___ Stored data ___

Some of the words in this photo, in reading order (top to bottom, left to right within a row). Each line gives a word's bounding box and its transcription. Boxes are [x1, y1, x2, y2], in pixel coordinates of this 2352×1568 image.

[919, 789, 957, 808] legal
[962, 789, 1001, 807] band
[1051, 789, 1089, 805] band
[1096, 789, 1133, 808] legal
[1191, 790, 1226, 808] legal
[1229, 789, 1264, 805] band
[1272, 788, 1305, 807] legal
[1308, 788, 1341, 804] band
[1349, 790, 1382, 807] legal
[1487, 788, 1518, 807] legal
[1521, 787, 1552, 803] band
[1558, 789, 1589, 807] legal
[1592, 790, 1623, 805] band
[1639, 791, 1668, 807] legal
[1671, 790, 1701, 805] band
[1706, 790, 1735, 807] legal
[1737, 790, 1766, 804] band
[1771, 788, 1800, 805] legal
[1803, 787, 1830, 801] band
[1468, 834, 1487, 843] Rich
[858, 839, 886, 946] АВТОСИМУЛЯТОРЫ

___

> Problem statement
Copy every record above out again, word for word.

> Answer section
Some of the words in this photo, in reading order (top to bottom, left to right within a row). Each line gives a word's bounding box and its transcription. Boxes are [x1, y1, x2, y2], in pixel coordinates of this 2352×1568 image.

[919, 789, 957, 808] legal
[962, 789, 1001, 807] band
[1051, 789, 1089, 805] band
[1096, 789, 1133, 808] legal
[1191, 790, 1226, 808] legal
[1229, 789, 1264, 805] band
[1272, 788, 1305, 807] legal
[1308, 788, 1341, 804] band
[1349, 790, 1382, 807] legal
[1487, 788, 1518, 807] legal
[1521, 787, 1552, 803] band
[1558, 789, 1589, 807] legal
[1592, 790, 1623, 805] band
[1639, 791, 1668, 807] legal
[1671, 790, 1701, 805] band
[1706, 790, 1735, 807] legal
[1737, 790, 1766, 804] band
[1771, 788, 1800, 805] legal
[1803, 787, 1830, 801] band
[1468, 834, 1487, 843] Rich
[858, 839, 886, 946] АВТОСИМУЛЯТОРЫ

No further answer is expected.